Dataset records>
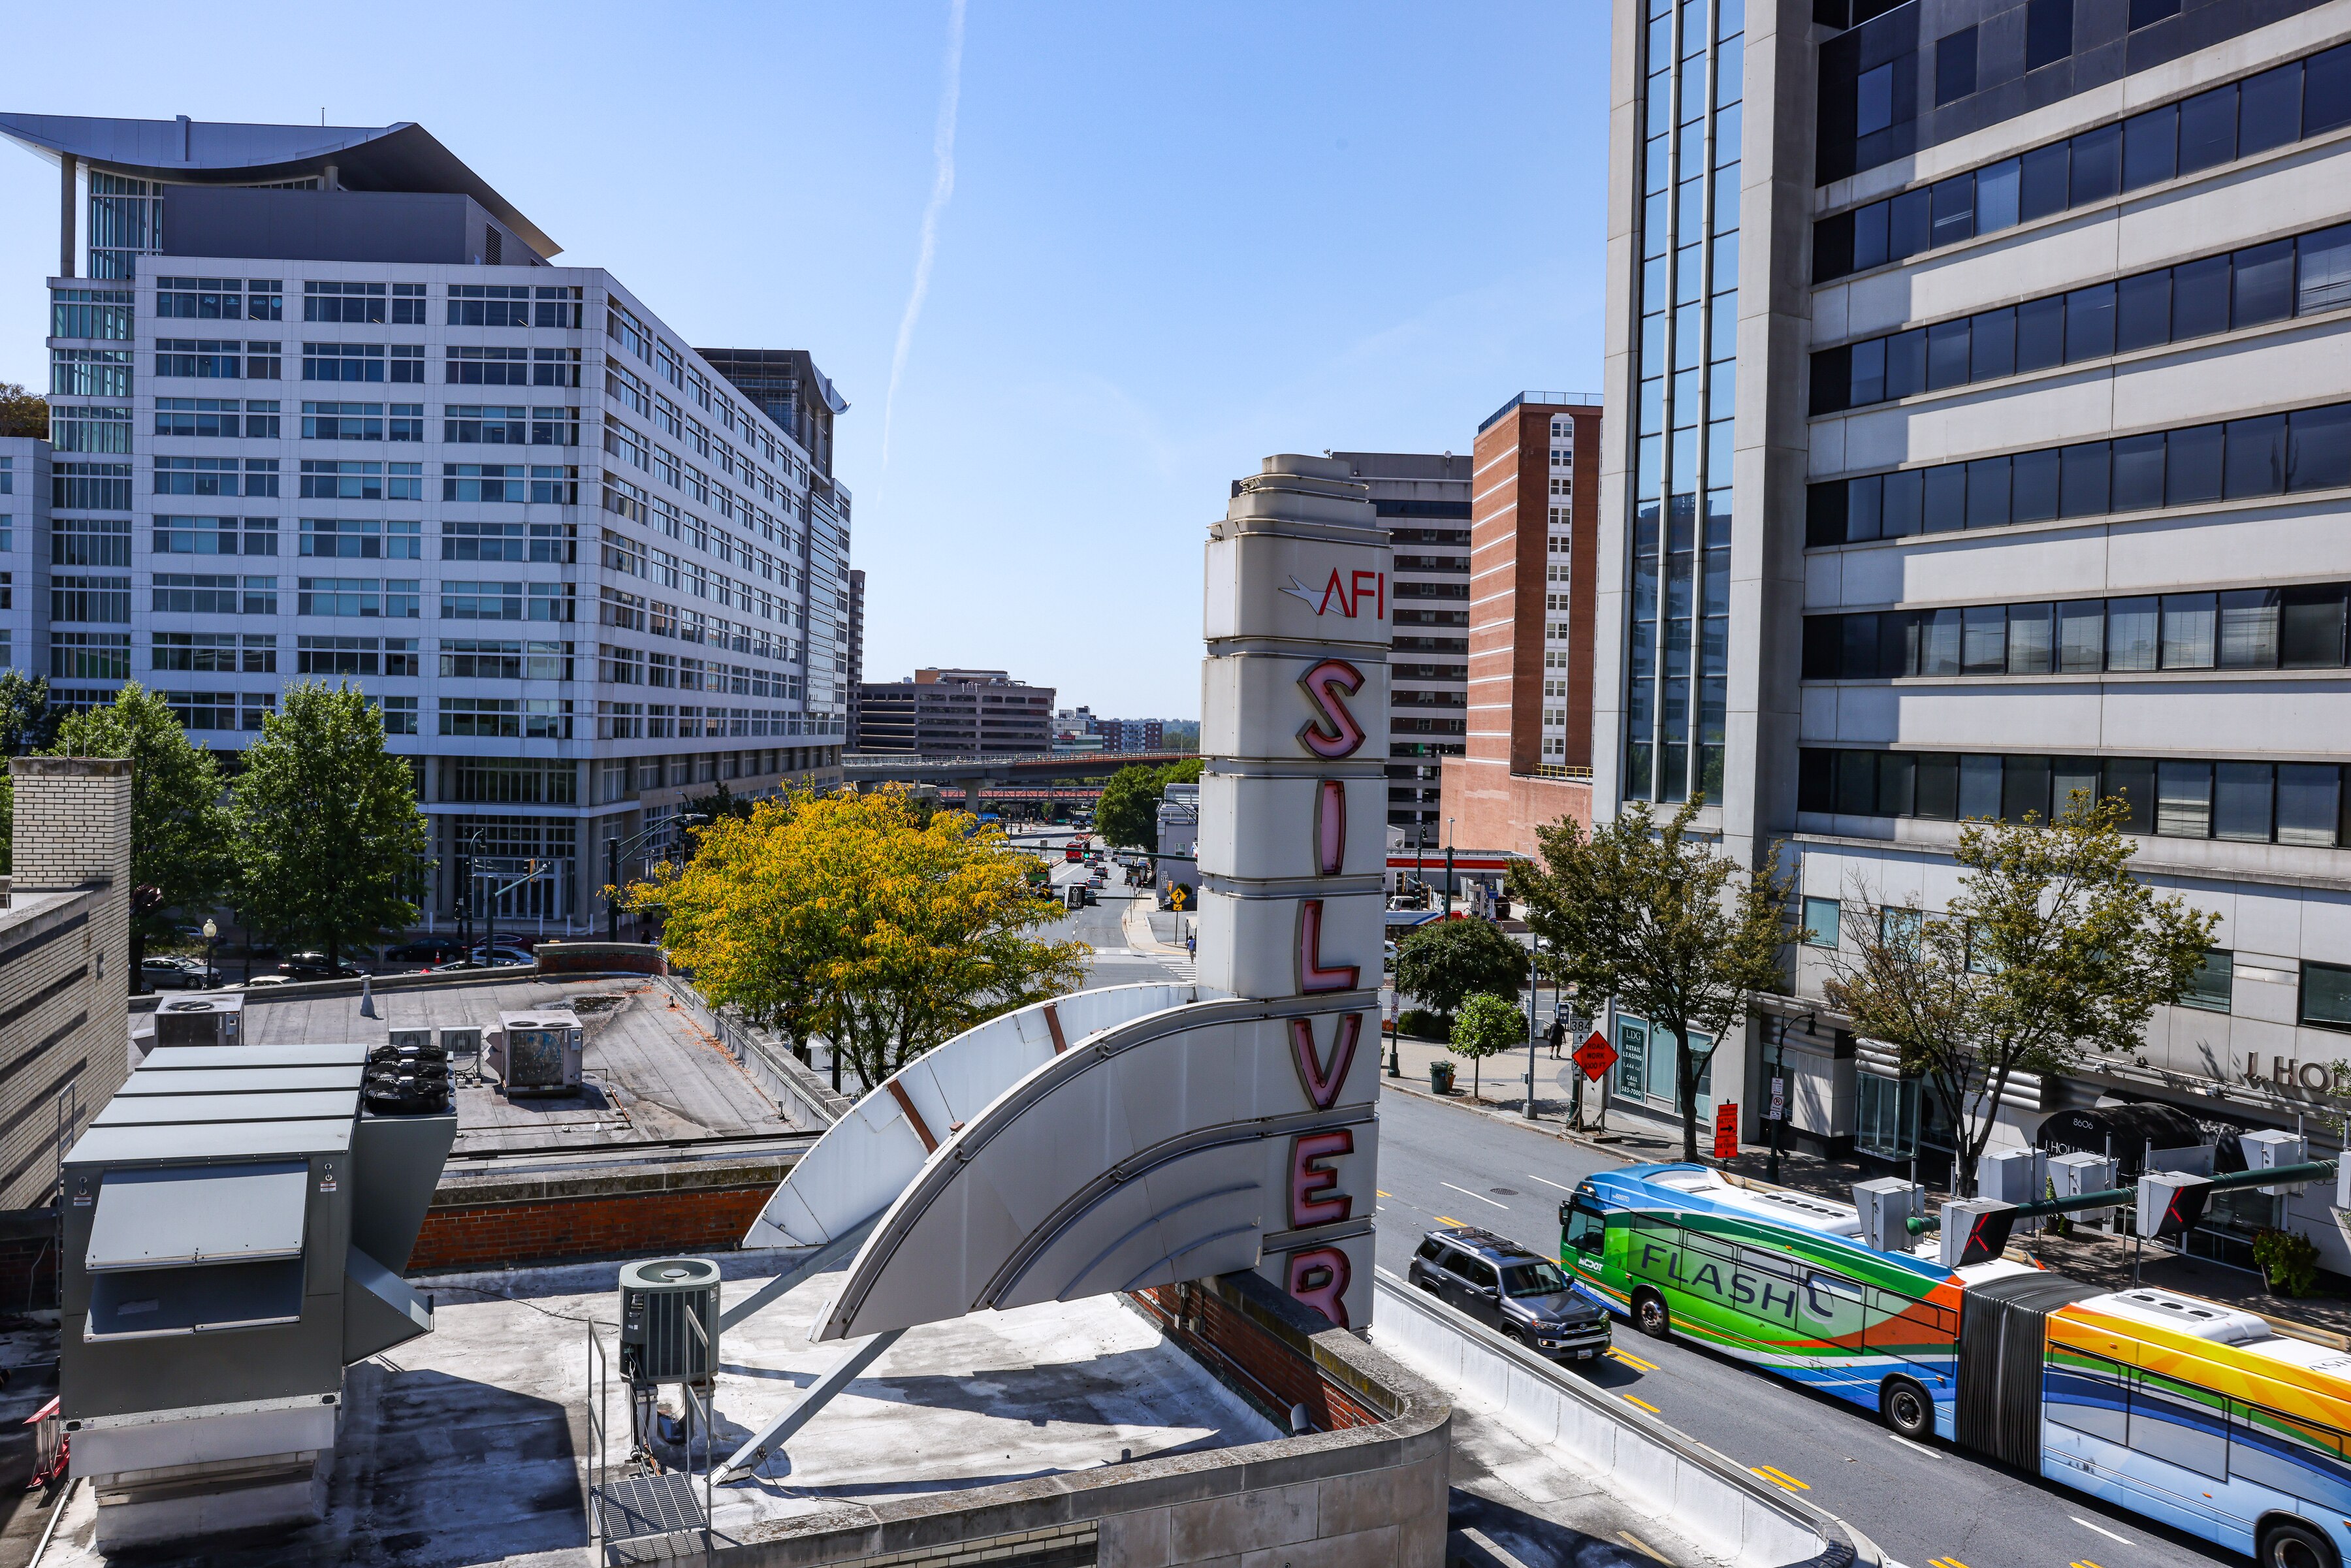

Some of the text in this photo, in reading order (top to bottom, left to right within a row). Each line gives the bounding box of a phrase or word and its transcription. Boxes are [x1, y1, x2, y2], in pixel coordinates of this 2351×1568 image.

[1318, 567, 1384, 620] AFI
[1283, 658, 1366, 1332] SILVER
[1571, 1021, 1591, 1031] 384
[1626, 1029, 1640, 1041] LDG
[1625, 1044, 1640, 1053] RETAIL
[1623, 1051, 1642, 1061] LEASING
[1626, 1074, 1638, 1083] CALL
[1621, 1085, 1641, 1096] 585-7000
[2073, 1118, 2094, 1130] 8606
[1641, 1243, 1796, 1319] FLASH

What to do> If a record holds a picture, leave the picture out, but copy everything else exactly.

Exercise answer>
Some of the text in this photo, in reading order (top to bottom, left to right within a row). Each line gives the bounding box of a phrase or word and its transcription. Boxes are [x1, y1, x2, y2], in pixel coordinates of this 2351×1568 image.

[1318, 567, 1384, 620] AFI
[1283, 658, 1366, 1332] SILVER
[1571, 1021, 1591, 1031] 384
[1626, 1029, 1640, 1041] LDG
[1625, 1044, 1640, 1053] RETAIL
[1623, 1051, 1642, 1061] LEASING
[1626, 1074, 1638, 1083] CALL
[1621, 1085, 1641, 1096] 585-7000
[2073, 1118, 2094, 1130] 8606
[1641, 1243, 1796, 1319] FLASH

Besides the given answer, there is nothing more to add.